WHAT TESTING IS NUMBER 10 DOING TO WORK OUT HOW WIDESPREAD COVID-19 IS?

REGULAR SWAB TESTS FOR 150,000 PEOPLE

Thirty thousand people are already enrolled into a scheme in which they will take swab tests each month to see if they are infected at the time.

The mass sampling study will continue for the next year and will be scaled up to include 400,000 people and around 150,000 people every fortnight.

The surveillance scheme is being co-led by the Office for National Statistics (ONS).

REGULAR ANTIBODY TESTING

Random antibody testing will be rolled out to thousands of households across the country, to work out how much of the population has already been infected.

Trained nurses will take blood samples from the volunteers and send them to a lab where they are analysed to see if they have developed any immunity.

The scheme is also being run by the ONS and Oxford University, which will analyse the anonymised blood tests in one of their laboratories.

100,000 RANDOM TESTS

Imperial College London is overseeing a two-part REACT programme (Real-time Assessment of Community Transmission).

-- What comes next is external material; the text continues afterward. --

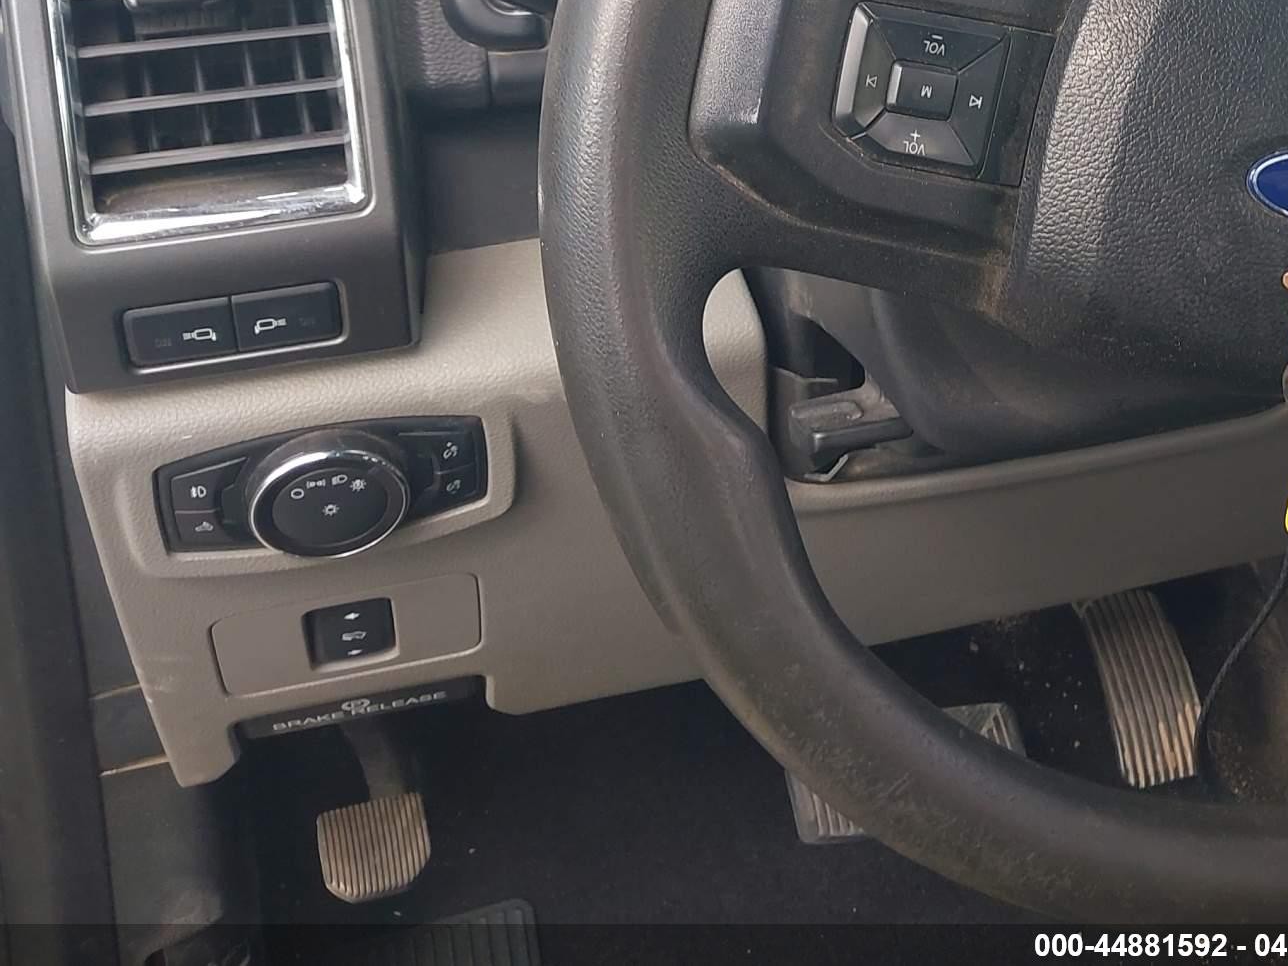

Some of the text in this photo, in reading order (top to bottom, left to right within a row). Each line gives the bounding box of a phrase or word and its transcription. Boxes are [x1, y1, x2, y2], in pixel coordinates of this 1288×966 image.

It involves 100,000 tests of random people in 315 different areas of the UK, to see how many of them are currently infected.

RANDOM ANTIBODY HOME TESTS

Part two involves at-home antibody tests, which can tell whether people have already had the disease and recovered. 

Around 100,000 people have already been enrolled.

The antibody tests will create a picture of how many people have had the virus already and may have immunity to it, meaning they won’t catch it again, at least in the short-term.